__Work item__.
Leave the images aside and copy out the whole listing, exact to the word.

__Provided data__.
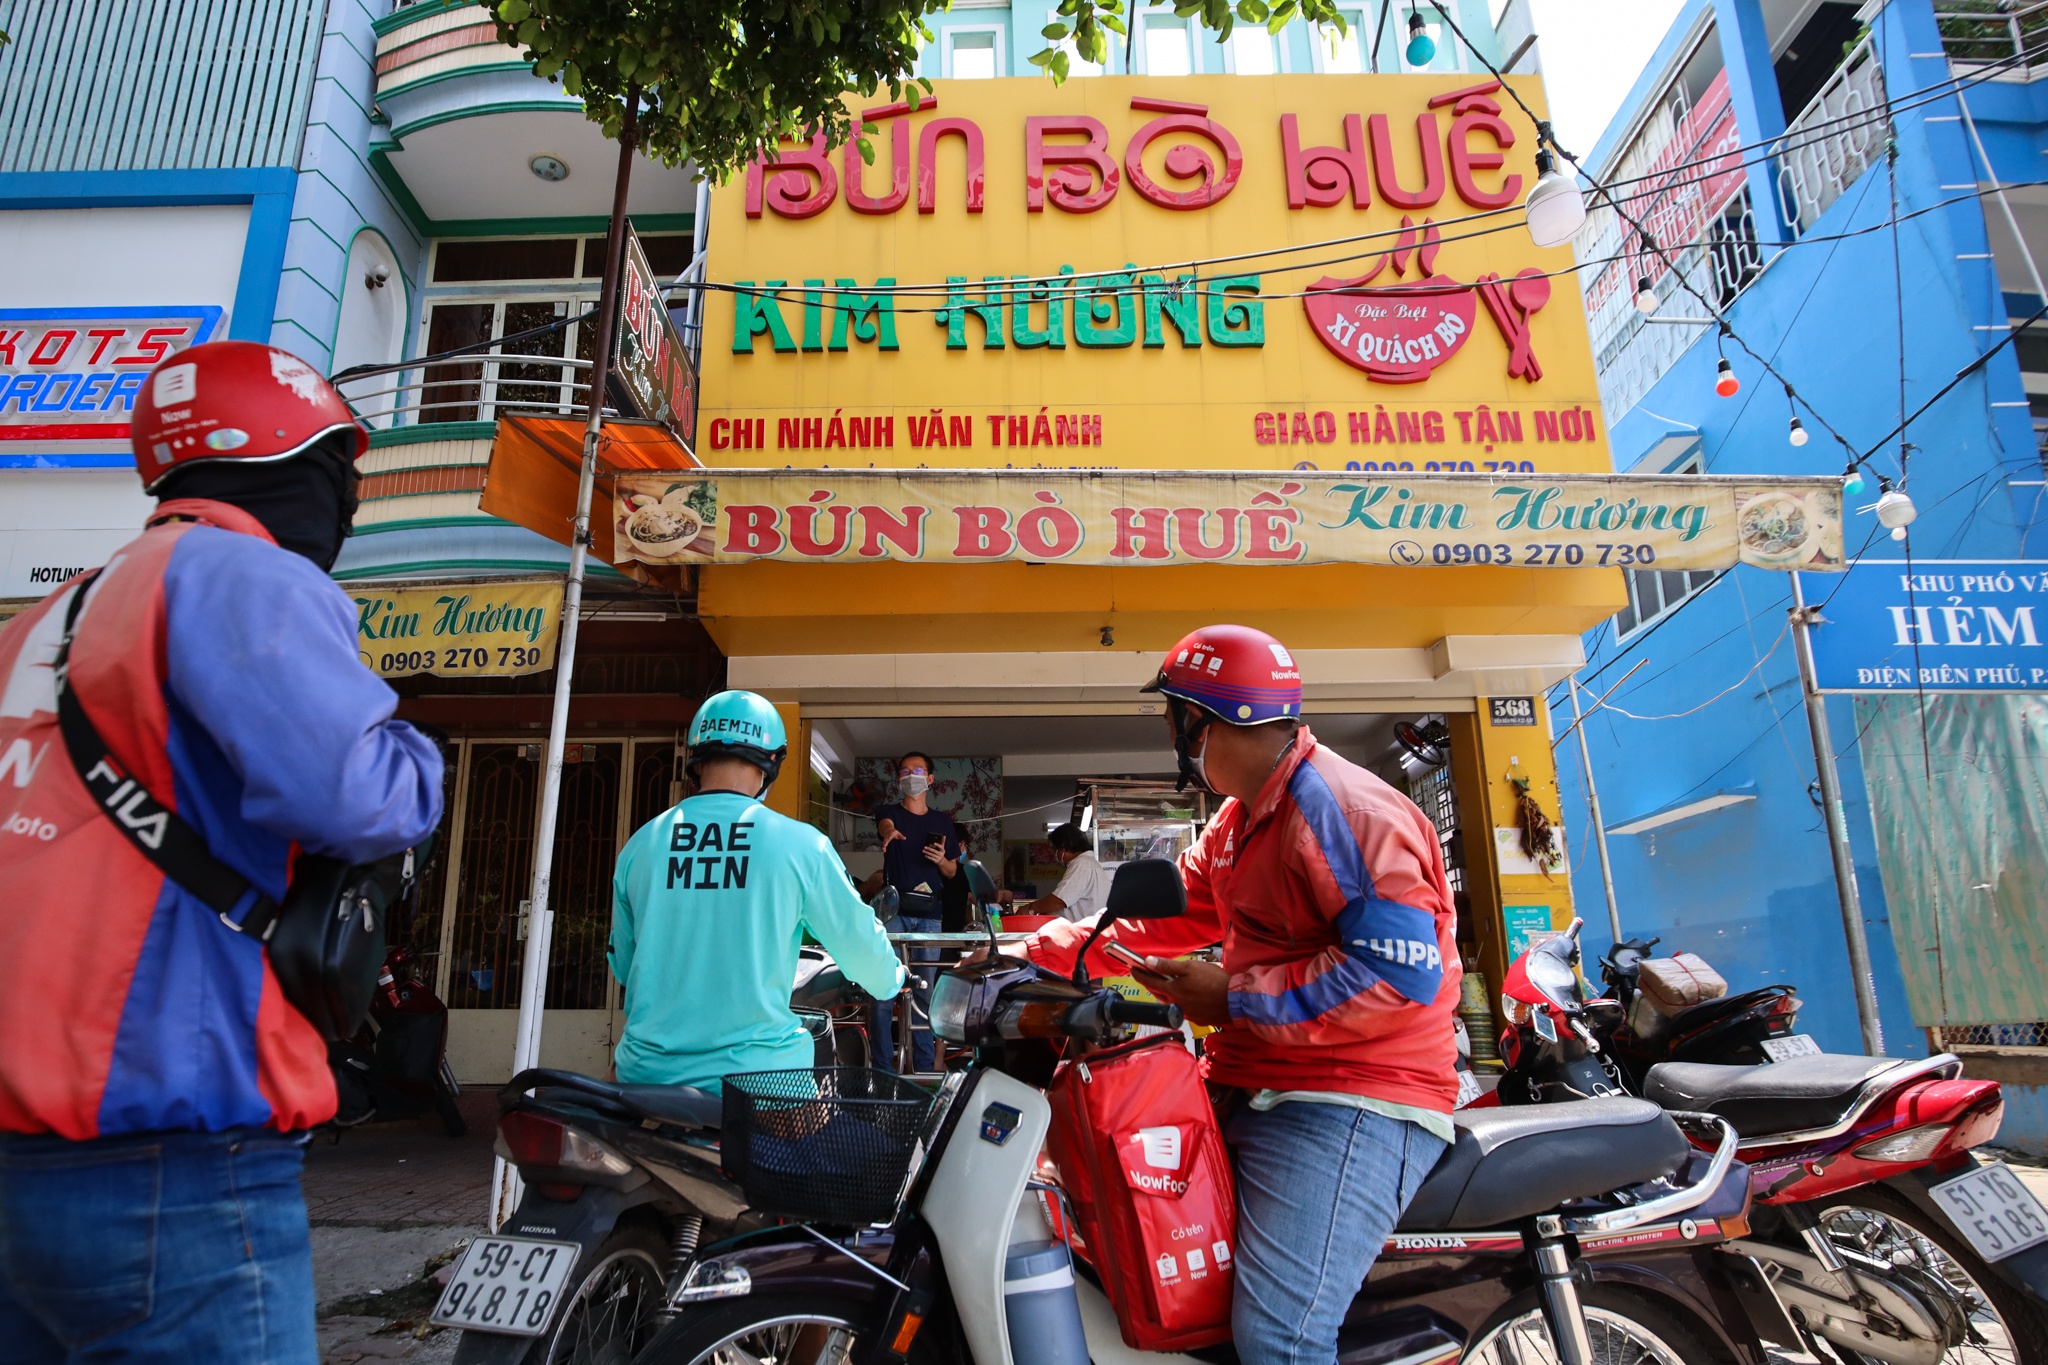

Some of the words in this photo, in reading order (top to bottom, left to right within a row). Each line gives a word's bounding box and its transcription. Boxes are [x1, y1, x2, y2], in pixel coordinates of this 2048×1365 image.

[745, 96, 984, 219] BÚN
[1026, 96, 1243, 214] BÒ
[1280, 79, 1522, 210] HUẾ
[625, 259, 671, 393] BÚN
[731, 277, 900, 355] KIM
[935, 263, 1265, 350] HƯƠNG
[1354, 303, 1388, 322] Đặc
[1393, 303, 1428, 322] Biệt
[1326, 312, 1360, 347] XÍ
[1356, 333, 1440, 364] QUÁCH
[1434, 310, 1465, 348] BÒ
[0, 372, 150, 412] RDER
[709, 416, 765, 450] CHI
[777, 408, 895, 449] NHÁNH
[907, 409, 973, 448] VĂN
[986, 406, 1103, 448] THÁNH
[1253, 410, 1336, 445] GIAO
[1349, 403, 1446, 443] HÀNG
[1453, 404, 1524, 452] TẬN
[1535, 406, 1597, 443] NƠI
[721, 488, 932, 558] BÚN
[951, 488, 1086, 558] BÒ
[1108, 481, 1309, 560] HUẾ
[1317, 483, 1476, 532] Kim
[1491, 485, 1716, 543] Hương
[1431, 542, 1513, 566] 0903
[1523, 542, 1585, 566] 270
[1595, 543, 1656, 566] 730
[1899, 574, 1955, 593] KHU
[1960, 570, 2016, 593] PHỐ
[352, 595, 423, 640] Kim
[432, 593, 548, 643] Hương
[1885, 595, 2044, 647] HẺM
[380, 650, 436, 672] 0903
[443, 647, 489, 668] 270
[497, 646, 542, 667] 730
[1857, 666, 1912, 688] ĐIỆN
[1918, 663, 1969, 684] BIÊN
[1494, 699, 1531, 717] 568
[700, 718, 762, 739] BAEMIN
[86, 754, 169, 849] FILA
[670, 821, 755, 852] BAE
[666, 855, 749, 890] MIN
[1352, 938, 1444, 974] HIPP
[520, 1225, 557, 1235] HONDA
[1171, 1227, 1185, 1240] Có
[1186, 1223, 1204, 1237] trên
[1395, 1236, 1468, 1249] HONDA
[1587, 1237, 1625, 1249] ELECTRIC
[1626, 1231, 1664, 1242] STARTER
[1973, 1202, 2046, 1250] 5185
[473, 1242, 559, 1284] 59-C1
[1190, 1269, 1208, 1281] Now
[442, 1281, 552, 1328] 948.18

__Answer section__.
Some of the words in this photo, in reading order (top to bottom, left to right within a row). Each line gives a word's bounding box and its transcription. Boxes are [x1, y1, x2, y2], in pixel coordinates of this 2048×1365 image.

[745, 96, 984, 219] BÚN
[1026, 96, 1243, 214] BÒ
[1280, 79, 1522, 210] HUẾ
[625, 259, 671, 393] BÚN
[731, 277, 900, 355] KIM
[935, 263, 1265, 350] HƯƠNG
[1354, 303, 1388, 322] Đặc
[1393, 303, 1428, 322] Biệt
[1326, 312, 1360, 347] XÍ
[1356, 333, 1440, 364] QUÁCH
[1434, 310, 1465, 348] BÒ
[0, 372, 150, 412] RDER
[709, 416, 765, 450] CHI
[777, 408, 895, 449] NHÁNH
[907, 409, 973, 448] VĂN
[986, 406, 1103, 448] THÁNH
[1253, 410, 1336, 445] GIAO
[1349, 403, 1446, 443] HÀNG
[1453, 404, 1524, 452] TẬN
[1535, 406, 1597, 443] NƠI
[721, 488, 932, 558] BÚN
[951, 488, 1086, 558] BÒ
[1108, 481, 1309, 560] HUẾ
[1317, 483, 1476, 532] Kim
[1491, 485, 1716, 543] Hương
[1431, 542, 1513, 566] 0903
[1523, 542, 1585, 566] 270
[1595, 543, 1656, 566] 730
[1899, 574, 1955, 593] KHU
[1960, 570, 2016, 593] PHỐ
[352, 595, 423, 640] Kim
[432, 593, 548, 643] Hương
[1885, 595, 2044, 647] HẺM
[380, 650, 436, 672] 0903
[443, 647, 489, 668] 270
[497, 646, 542, 667] 730
[1857, 666, 1912, 688] ĐIỆN
[1918, 663, 1969, 684] BIÊN
[1494, 699, 1531, 717] 568
[700, 718, 762, 739] BAEMIN
[86, 754, 169, 849] FILA
[670, 821, 755, 852] BAE
[666, 855, 749, 890] MIN
[1352, 938, 1444, 974] HIPP
[520, 1225, 557, 1235] HONDA
[1171, 1227, 1185, 1240] Có
[1186, 1223, 1204, 1237] trên
[1395, 1236, 1468, 1249] HONDA
[1587, 1237, 1625, 1249] ELECTRIC
[1626, 1231, 1664, 1242] STARTER
[1973, 1202, 2046, 1250] 5185
[473, 1242, 559, 1284] 59-C1
[1190, 1269, 1208, 1281] Now
[442, 1281, 552, 1328] 948.18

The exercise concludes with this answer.